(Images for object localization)
────────────────
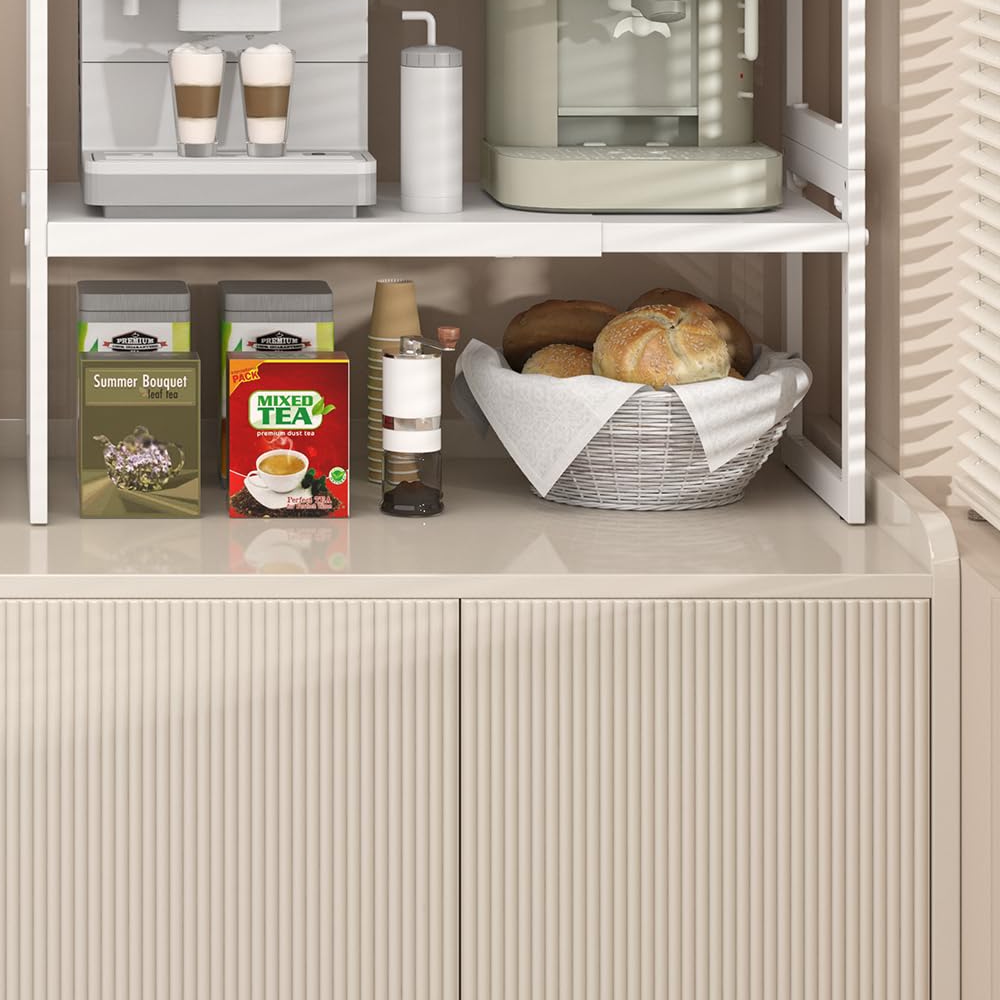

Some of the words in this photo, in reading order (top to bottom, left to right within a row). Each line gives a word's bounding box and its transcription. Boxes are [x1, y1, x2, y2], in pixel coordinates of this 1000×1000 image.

[93, 374, 138, 388] Summer
[142, 374, 187, 391] Bouquet
[232, 371, 259, 383] PACK
[147, 389, 163, 399] leaf
[165, 389, 178, 399] tea
[257, 395, 313, 407] MIXED
[257, 407, 313, 425] TEA
────────────────
#### Directions:
Only the records, copied exactly and without pictures, should make up the answer.

#### Solution to this problem:
Some of the words in this photo, in reading order (top to bottom, left to right within a row). Each line gives a word's bounding box and its transcription. Boxes are [x1, y1, x2, y2], in pixel coordinates of this 1000×1000 image.

[93, 374, 138, 388] Summer
[142, 374, 187, 391] Bouquet
[232, 371, 259, 383] PACK
[147, 389, 163, 399] leaf
[165, 389, 178, 399] tea
[257, 395, 313, 407] MIXED
[257, 407, 313, 425] TEA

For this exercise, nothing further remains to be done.